An important question for any artist is: How can I built a career and simultaneously be true to myself? It’s an important question, and during the twenty years I’ve taught writing, hundreds of students have expressed the belief that success and personal integrity are mutually exclusive.

The Lifewriting™ approach to fiction suggests that not only do these two qualities overlap, but that the safest, surest, most satisfying path to discovering your true voice, your deepest creative flow, and ultimately crafting the most satisfying career, is to be true to yourself. It suggests that Aristotle’s famous debate concerning the relative merits of plot and character is a trick: Plot and character are actually two sides of the same coin. Character is best revealed through action. And plot is merely what happens when a given character engages with a specific situation. It is not only possible, but advisable, to shift back and forth between those perspectives, seeking to create a seamless whole.

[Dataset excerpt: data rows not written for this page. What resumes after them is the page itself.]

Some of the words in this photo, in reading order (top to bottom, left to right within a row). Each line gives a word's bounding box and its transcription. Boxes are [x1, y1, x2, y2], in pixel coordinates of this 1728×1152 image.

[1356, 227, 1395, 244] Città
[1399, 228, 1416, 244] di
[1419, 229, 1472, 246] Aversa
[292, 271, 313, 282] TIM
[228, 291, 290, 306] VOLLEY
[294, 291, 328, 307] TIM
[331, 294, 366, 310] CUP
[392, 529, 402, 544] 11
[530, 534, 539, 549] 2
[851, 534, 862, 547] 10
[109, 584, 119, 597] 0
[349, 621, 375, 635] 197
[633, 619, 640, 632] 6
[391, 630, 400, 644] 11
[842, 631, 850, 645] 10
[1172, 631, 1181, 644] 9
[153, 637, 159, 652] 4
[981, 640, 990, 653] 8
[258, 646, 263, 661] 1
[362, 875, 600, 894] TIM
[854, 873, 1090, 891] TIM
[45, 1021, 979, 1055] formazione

How do you, personally, define character? You MUST have some theory or feeling for the human condition, or you’ll have nothing to write about. The best and simplest way to learn characterization is to study psychology. And the best psychological study is yourself. Why? Because you have more information about what makes you you than you will ever have about what makes anyone else tick.

What this path demands is the honesty and courage to look deeply into your own life, and some model to organize the different aspects of your personality and emotional history. Then you need some mechanism to help you apply your discoveries to your writing.

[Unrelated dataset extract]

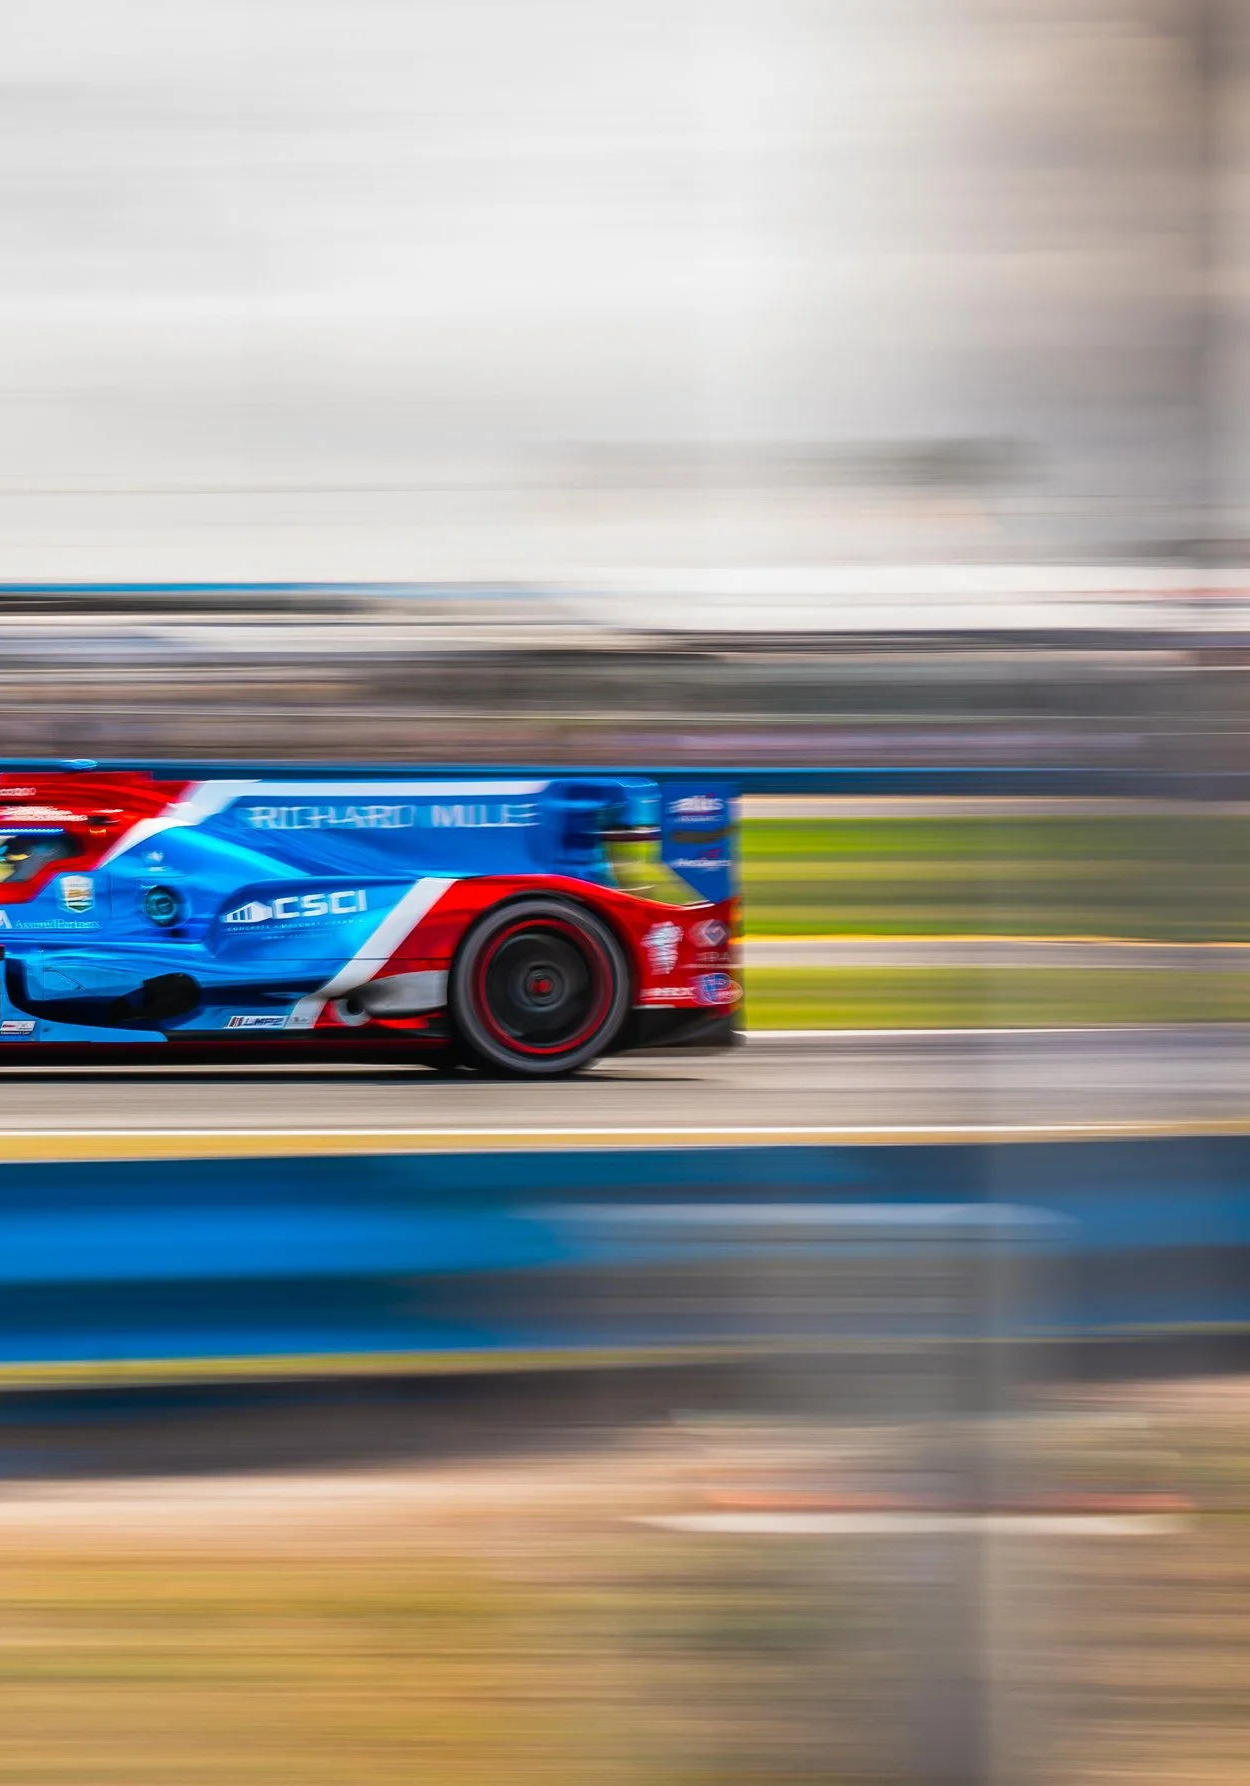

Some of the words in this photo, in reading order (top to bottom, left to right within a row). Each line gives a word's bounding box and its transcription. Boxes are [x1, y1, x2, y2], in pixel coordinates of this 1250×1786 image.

The very finest model of the human condition is the 6,000 year old model from India, the “chakras” of yoga. Supposedly seven energy centers within and around the human body, they mirror Maslow’s hierarchy of human needs. Both yogis and psychologists suggest that until the “lower” more basic needs are met, one cannot move to the next level of life.

The Chakras represent survival, sexuality, power, emotion, communication, intellect, and spirit. Let’s take a peek into the way each of these “levels” can be used to connect your inner emotional world, and your writing.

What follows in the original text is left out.